The slippage of this deadline has been affected by a number of delays including the need for the gateway redesign, and other civil issues taking precedence since May 2001. Some of these issues, including the impact of the recent war between Eritrea and Ethiopia, and the reality that demobilization has been slower getting under way than anticipated, have had major impacts on meeting many IT project deadlines and accomplishing IT productivity goals. For example, ISPs state that they often find it difficult to provide technical support, offer training, and expand services because of shortages of trained staff.

Control of the gateway remains with the state-run TSE (Telecommunication Services of Eritrea). In the last year, four licensed ISPs are now operational. The three private ISPs ­ Ewan, CTS, and Tfanus ­ share gateway connectivity with the TSE operated ISP ­ TSE-I-Net. ISPs at this time are not allowed to establish their own IP connection. Some outside agencies such as those of Denmark and others have moved to establish independent IP connectivity. One concern is that if this trend continues, there will be insufficient customers to allow the sector to become financially viable.

Email services began last year for about 1200 users, and the numbers have been steadily growing. ISPs are reluctant to discuss customer-base numbers, because of significant competition. This makes it difficult to estimate the current numbers and overall growth in the total customer base. However, one indication is the steady use of and growth in Internet cafes. Up until May 2001, there were three Internet cafes in Asmara. Since then, at least two more cafes have opened in Asmara.

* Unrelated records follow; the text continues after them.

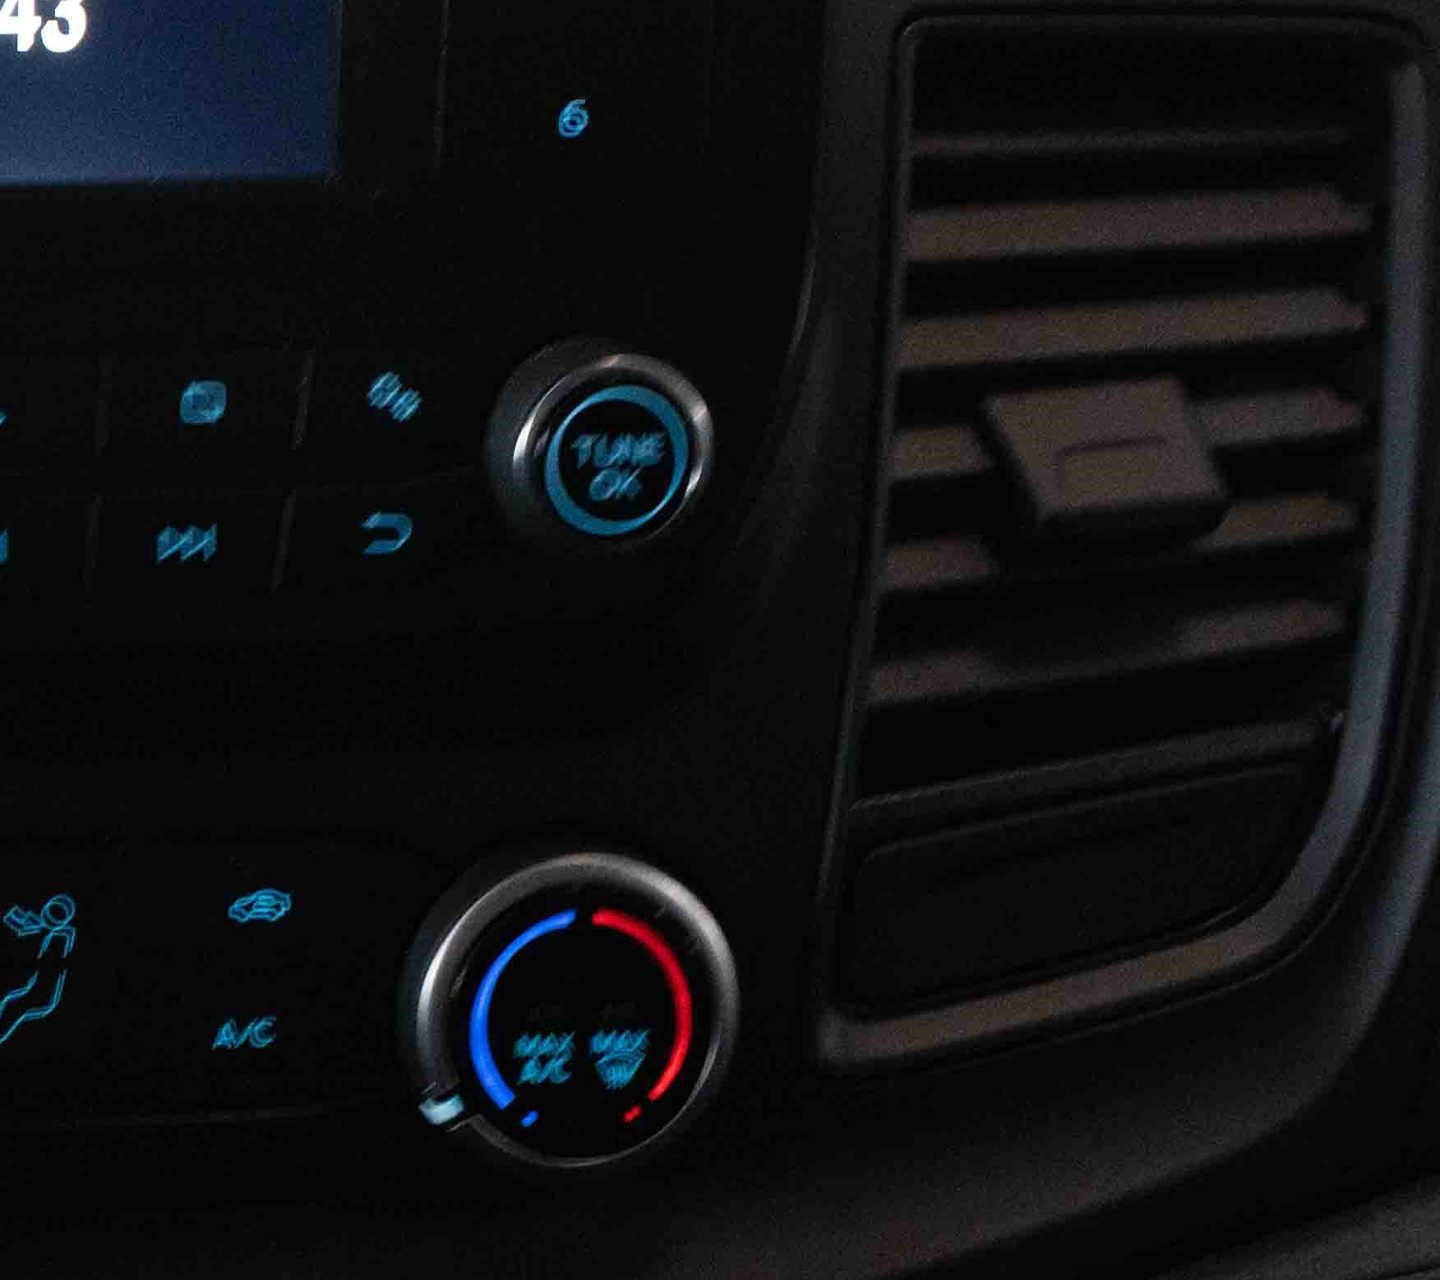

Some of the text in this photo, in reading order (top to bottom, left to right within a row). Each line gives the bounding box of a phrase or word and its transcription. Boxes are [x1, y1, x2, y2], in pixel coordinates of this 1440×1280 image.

[556, 97, 592, 140] 6
[570, 431, 666, 470] TUNE
[588, 466, 644, 503] OK
[211, 1014, 278, 1052] A/C
[513, 1030, 576, 1057] MAX
[588, 1028, 651, 1055] MAX
[515, 1054, 574, 1086] A/C
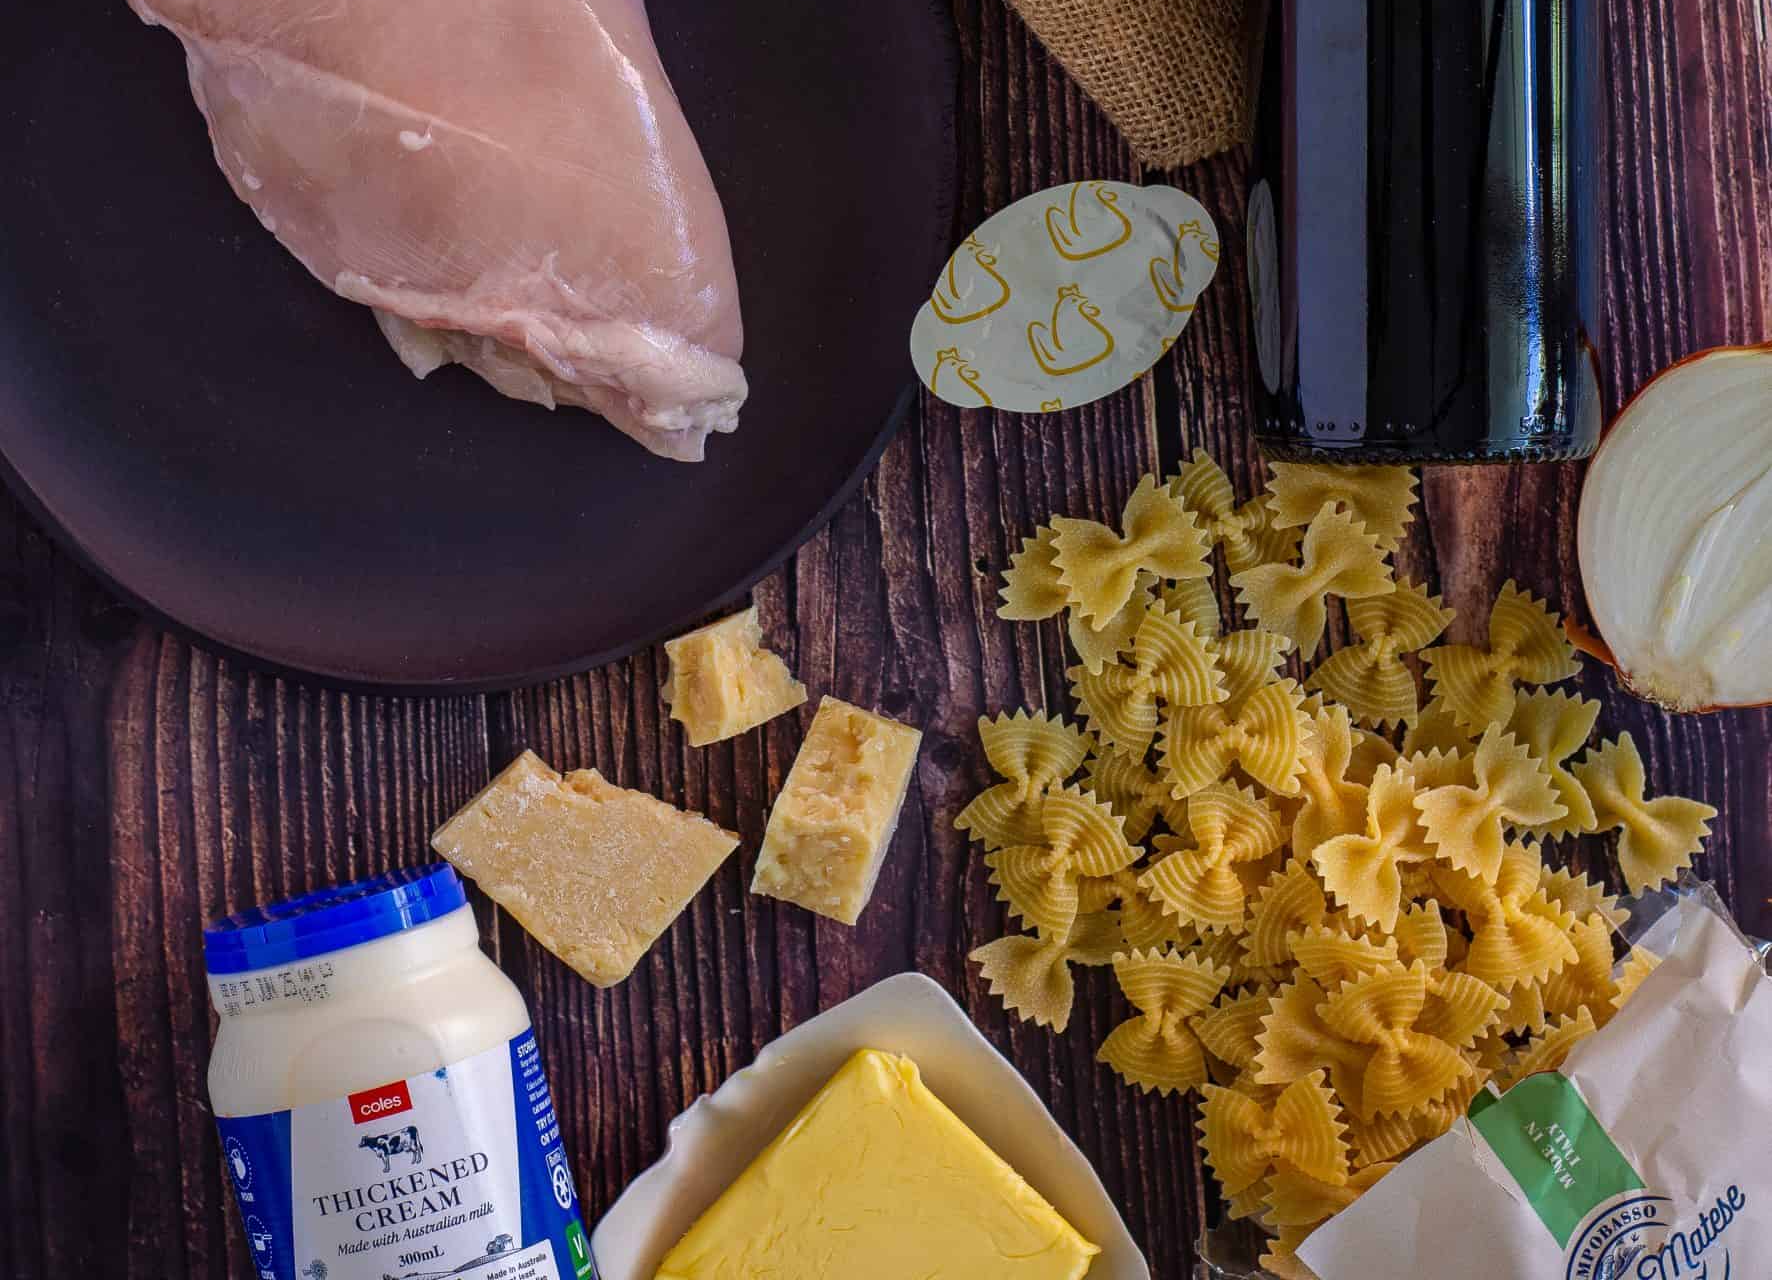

The main campus of the University of Asmara was connected to the internet in November 2001. In anticipation of this, last year the University applied for an ISP license with plans to open an internet café on campus. Over the last year, some wiring infrastructure was installed on the main campus, classes and labs were held in the Computer Science Department, and email use was encouraged in anticipation of connectivity this year. Also, earlier this year, a female student group, members of the Student Union, began planning a small on-campus facility for computer training for use by their group.

Another promising technology development was the May 26, 2001 launch of Ericel, the Eritrean mobile telephone service. Ericel planned a two-month trial period before offering full service in August, but that goal has slipped. To date, services are not being offered to the public because sources say the billing service is not yet in place. Public service will probably be offered some time in January 2001. More background information about Ericel can be found in BalancingAct Issue 62.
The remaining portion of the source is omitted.